Firm size exhibits a positive and significant effect on profitability in the lower and middle segments of the distribution, indicating that economies of scale and market reach enhance returns among smaller and medium-sized firms. However, the coefficient becomes statistically insignificant in the upper quantiles, implying that the profitability advantage associated with firm size diminishes once a certain threshold of efficiency or market dominance is reached.
Leverage, measured by the debt-to-assets ratio, displays a strong and consistently negative association with profitability across all quantiles, with the effect being particularly pronounced among low-performing firms. This pattern confirms that higher indebtedness magnifies financial exposure and constrains firms’ flexibility under uncertainty. Tangibility also exhibits a uniformly negative coefficient, suggesting that a heavy reliance on fixed assets is associated with lower profitability, likely reflecting higher capital intensity and reduced adaptability to external shocks.

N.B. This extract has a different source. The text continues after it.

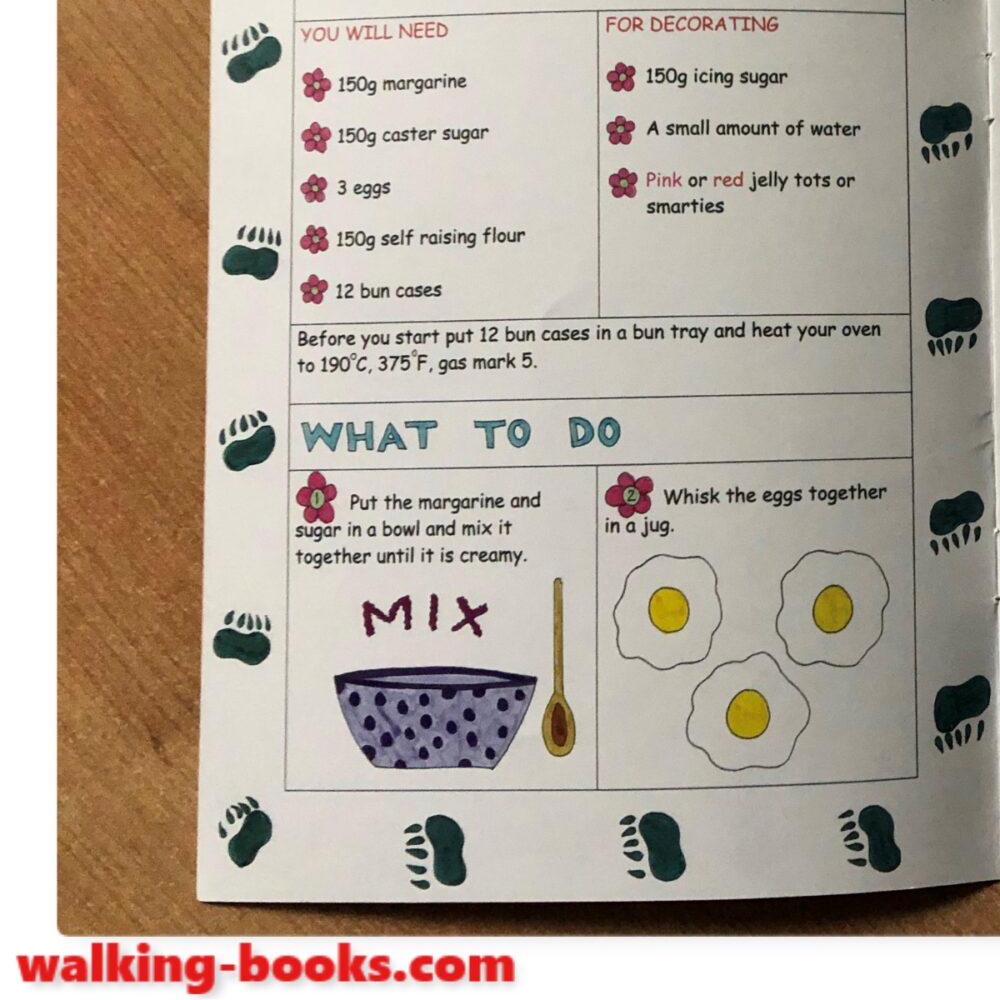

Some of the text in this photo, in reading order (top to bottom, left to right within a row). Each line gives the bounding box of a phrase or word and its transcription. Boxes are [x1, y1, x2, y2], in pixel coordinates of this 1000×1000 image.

R&D intensity exerts a small but negative effect throughout most of the distribution, becoming statistically insignificant only in the upper quantiles. This finding indicates that innovation efforts are associated with short-term costs that compress margins for average or underperforming firms, while highly profitable firms are able to absorb these costs more effectively. By contrast, sales growth shows a consistently positive and significant effect across all quantiles, reinforcing the role of commercial expansion and market reach as key drivers of profitability.
Governance-related variables exhibit distinct distributional patterns. The gender of the CEO has no measurable effect among weaker firms but becomes positive and significant from the median onward, implying that leadership diversity contributes to performance mainly once firms achieve operational stability. Similarly, the coefficient for bank affiliation shifts from negative at the lower quantiles to strongly positive at the upper tail, suggesting that professional financial intermediation enhances profitability only when firms have sufficient capacity to utilize such support effectively.
Finally, macroeconomic conditions exert differentiated effects across the profitability distribution. Economic growth contributes positively to return on assets at both the lower and upper quantiles, implying that firms at the extremes of performance are more sensitive to fluctuations in aggregate demand. Inflation, conversely, becomes increasingly positive and significant from the median upward, reflecting the ability of stronger firms to adjust prices or manage costs more efficiently under inflationary pressures. Overall, the explanatory power of the model is highest in the lower quantiles, confirming that the profitability of weaker firms is more closely tied to observable financial and structural characteristics, whereas top-performing firms are influenced by more idiosyncratic and strategic factors beyond traditional financial indicators.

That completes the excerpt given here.